Is the service effective?

People’s needs were assessed and care and treatment was planned and delivered in line with their individual care plan. The care plans were available and were subject to reviews to ensure they contained up to date information on people’s needs. People had monthly one to one meetings to identify any changes in their care needs or whether they were satisfied with the support their received. People’s individual needs, choices and preferences were reflected in their care plans. People’s health was monitored and they received medical attention when it was needed.

Although people’s assessed needs, preferences and choices were met at all times by staff that had the necessary skills and knowledge we found that staff did not have appraisals for over two years. Staff told us they would have more opportunity to get feedback about and review their professional development if this was formalised through appraisals.

Is the service caring?

We observed during our inspection that people were treated with respect. People’s privacy, dignity and independence were respected. We found people’s needs in respect of age, disability, gender, race, religion or belief were understood and met.

Staff supported and involved people in planning and making decisions about their care and support through monthly one to one meetings and regular meetings. Records of these meetings showed that people were asked about what they liked or didn’t like and they planned future activities such as holidays and day outs.

Is the service responsive?

People have access to activities that were important and relevant to them and were protected from social isolation. People were supported in promoting their independence and community involvement. We found that people had busy activity schedules and they participated in many different social activities in the community such as going to a community centre, cinema, visiting their family and eating out. Each person had an individual weekly activity schedule that reflected their personal interests and choices.

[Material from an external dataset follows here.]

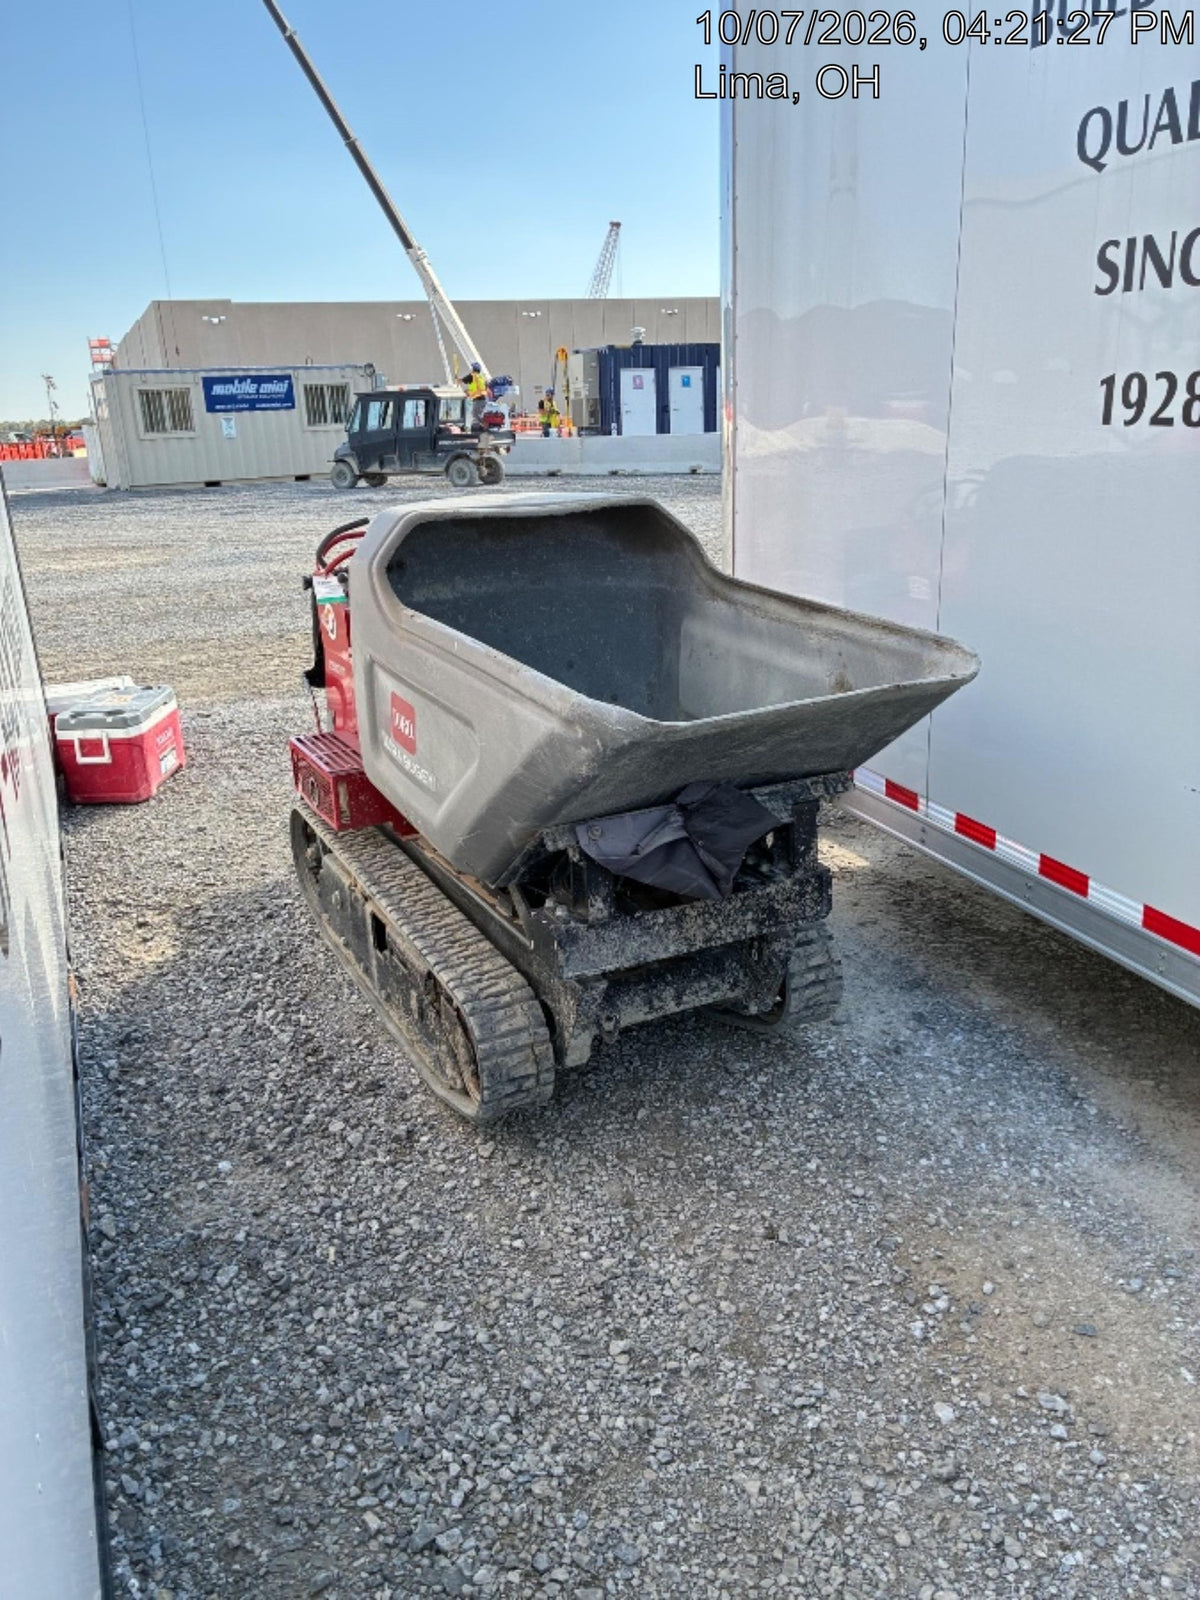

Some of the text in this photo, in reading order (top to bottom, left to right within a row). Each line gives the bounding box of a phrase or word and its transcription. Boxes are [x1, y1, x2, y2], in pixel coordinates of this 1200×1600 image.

[211, 378, 290, 395] mobile mini
[1100, 370, 1200, 427] 1928

People’s health was being monitored and they were supported to receive medical check-ups. People had ‘hospital passports’ which contained information to help ensure the continuity of support in case of hospitalisation. Health support plans were also in place and records showed that people’ received medical and dental check-ups.

Is the service well-led?

There was a system in place to monitor the service to ensure people’s well-being and that the quality of the service. We saw records of an audit regarding how people’s finances were managed and recorded. We found that changes were implemented in-line with the recommendations. We also saw records of regular health and safety checks; fire safety tests and drills were also carried out.

We found that people’s views were regularly sought regarding the quality of the service and whether they were satisfied with the support their received.

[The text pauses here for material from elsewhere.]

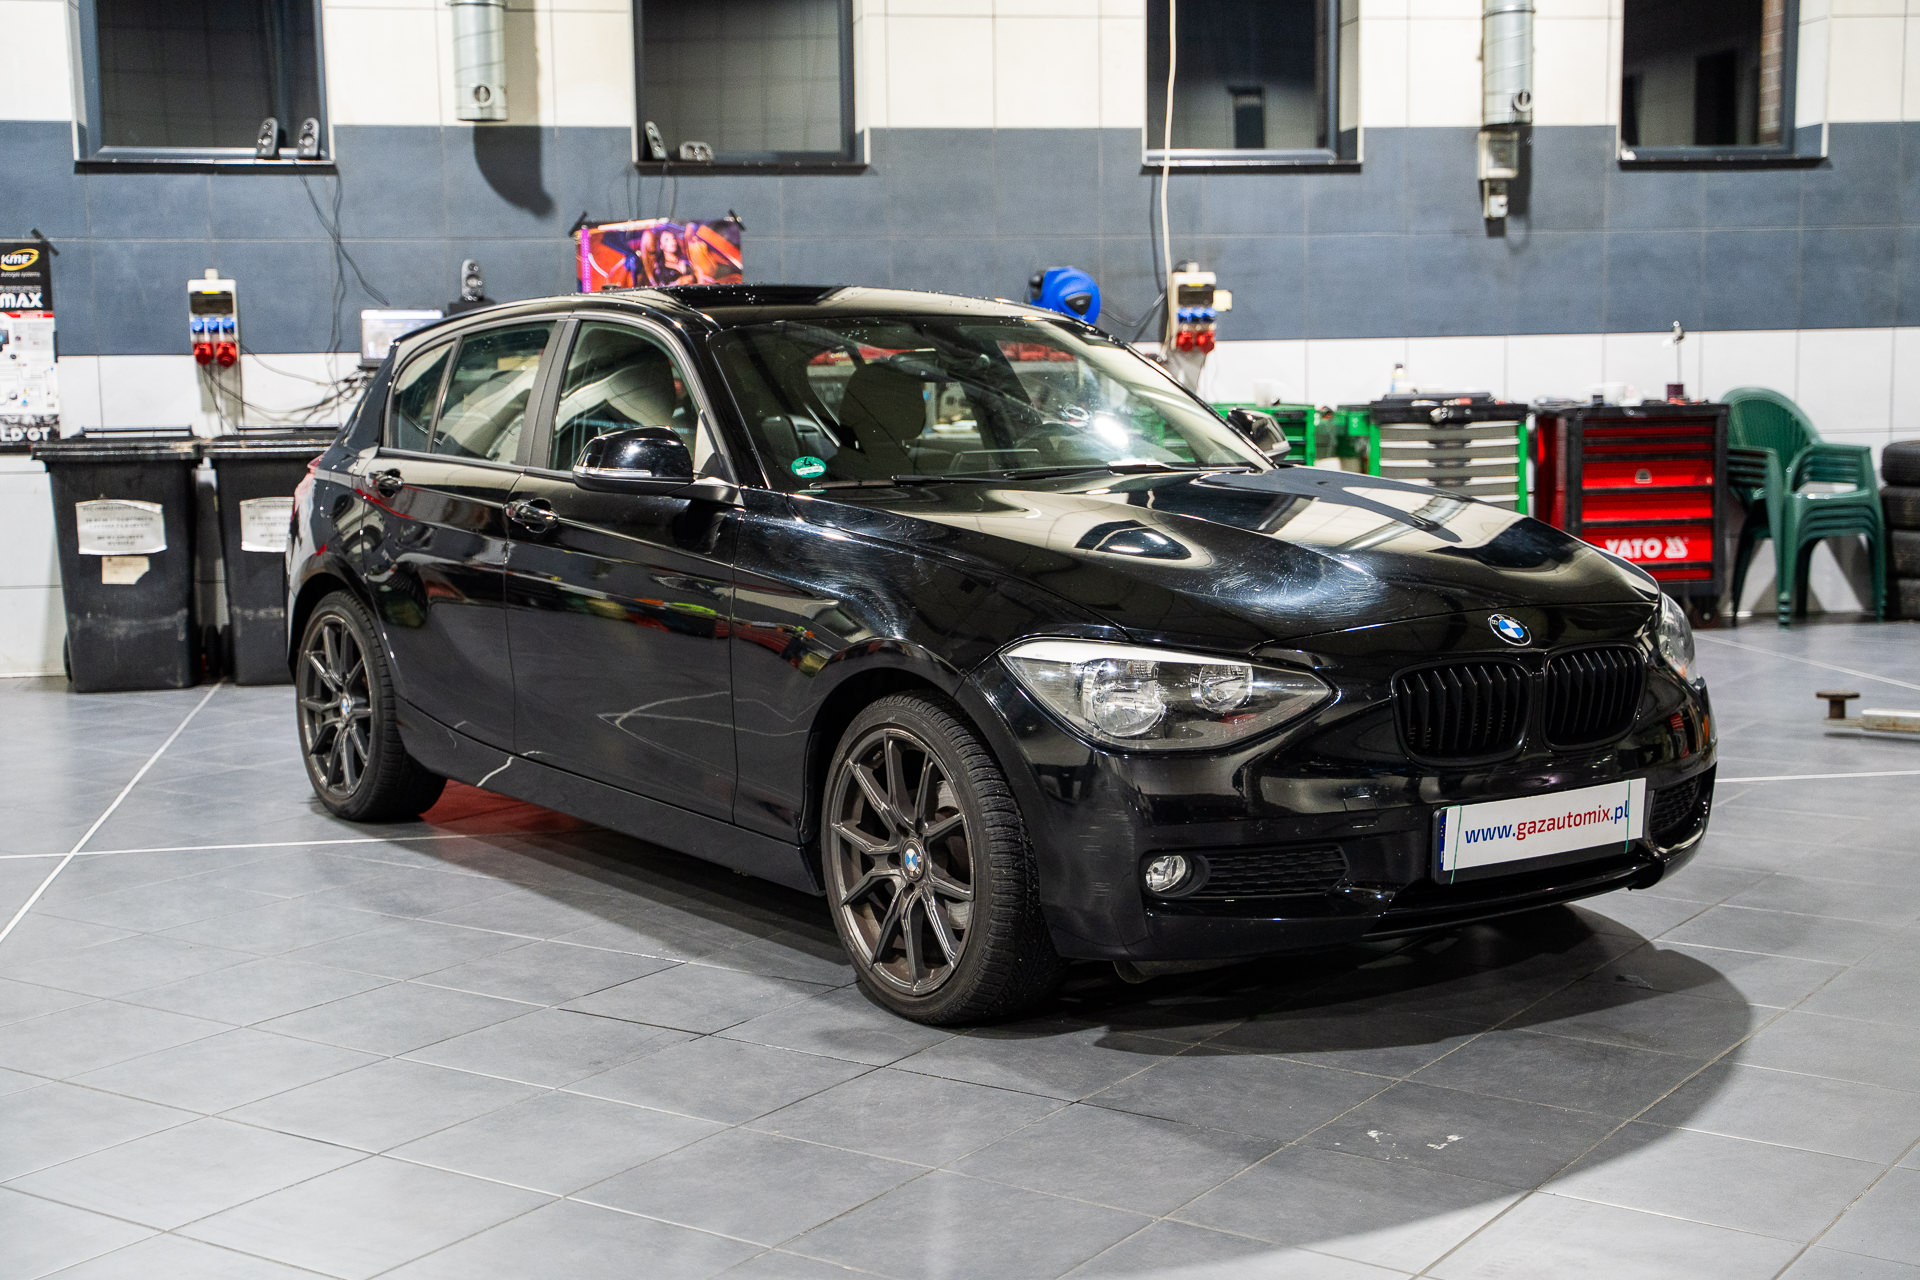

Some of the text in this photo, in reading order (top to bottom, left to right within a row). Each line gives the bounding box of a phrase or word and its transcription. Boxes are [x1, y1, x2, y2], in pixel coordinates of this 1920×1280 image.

[1, 254, 30, 265] KME
[1605, 537, 1663, 559] YATO
[1465, 800, 1630, 844] www.gazautomix.pl

We were told that the quality of the service was also monitored through visits from the provider however we found no written evidence of the findings from these visits since our last inspection. This meant we could not be assured of the outcome of these visits or if any action was required to improve the quality of the service provision.

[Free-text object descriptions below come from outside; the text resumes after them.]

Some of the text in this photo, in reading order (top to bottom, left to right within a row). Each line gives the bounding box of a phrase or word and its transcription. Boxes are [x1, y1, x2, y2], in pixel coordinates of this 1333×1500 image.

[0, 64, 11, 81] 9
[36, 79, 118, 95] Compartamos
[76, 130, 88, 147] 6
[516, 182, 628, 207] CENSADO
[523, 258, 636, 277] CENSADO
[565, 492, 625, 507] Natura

We spoke with three members of staff who told us they felt there was enough staff and they were able to meet people needs with the current staffing arrangements. Staff also told us they enjoyed working at the service and felt supported.

15th May 2013 - During a routine inspection pdf icon

People using the service told us they liked staying at the service and viewed it as their home.

People had their care and support needs met through individual support plans. Staff demonstrated knowledge of people using the service, their likes and dislikes and their support needs.

People were involved in planning their meals provided at the service. A nutritious and balanced meal choice was offered, and people were supported to access food and drink.

Medicines were safely stored and administered.

Effective recruitment and selection processes were in place. All staff were supported through a process of induction and monthly supervision sessions. Staff had access to training and their learning and development needs were identified through their supervision sessions.